Gespräch mit Andrej Holm. Über die Wohnungspolitik des »rot-roten« Senats, die Privatisierung der GSW, Gentrifizierung, Baugruppen und die Räumung der ehemals besetzten »Liebig 14«

Jörn Boewe
Dr. Andrej Holm ist Sozialwissenschaftler und arbeitet im Bereich Stadt- und Regionalsoziologie an der Humboldt-Universität zu Berlin.

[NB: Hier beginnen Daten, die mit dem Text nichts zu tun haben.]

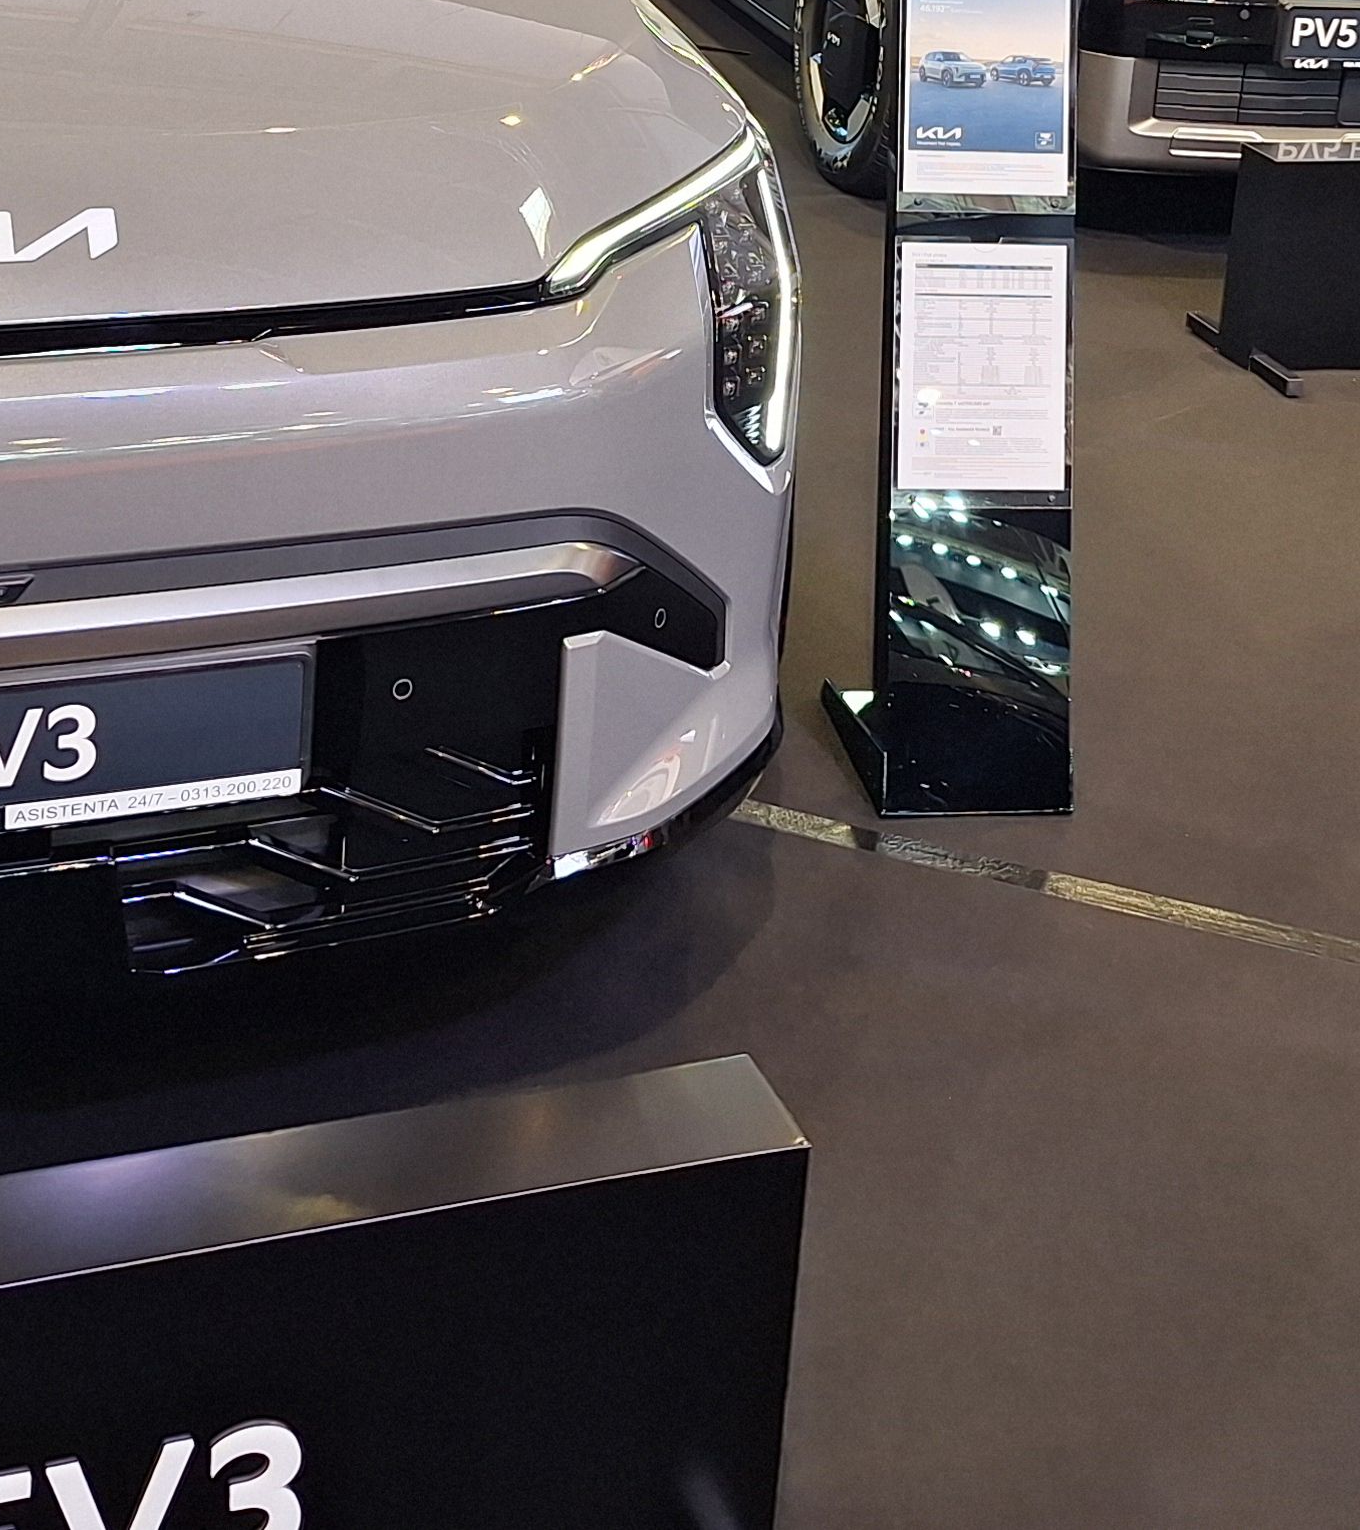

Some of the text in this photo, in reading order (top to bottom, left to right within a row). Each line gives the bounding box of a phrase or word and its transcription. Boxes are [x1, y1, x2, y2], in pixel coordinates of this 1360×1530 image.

Seit Anfang der 1990er Jahren ist er in verschiedenen Nachbarschaftsinitiativen, Mieterorganisationen und stadtpolitischen Netzwerken aktiv. Zur Zeit beteiligt er sich am Bündnis »Steigende Mieten stoppen«, mischt sich über den Arbeitskreis Linke Metropolenpolitik in die wohnungspolitischen Debatten der Partei Die Linke ein und bereitet mit Aktivisten aus verschiedenen Städten einen »Recht auf Stadt«-Kongreß in Hamburg (2.–5. Juni) vor.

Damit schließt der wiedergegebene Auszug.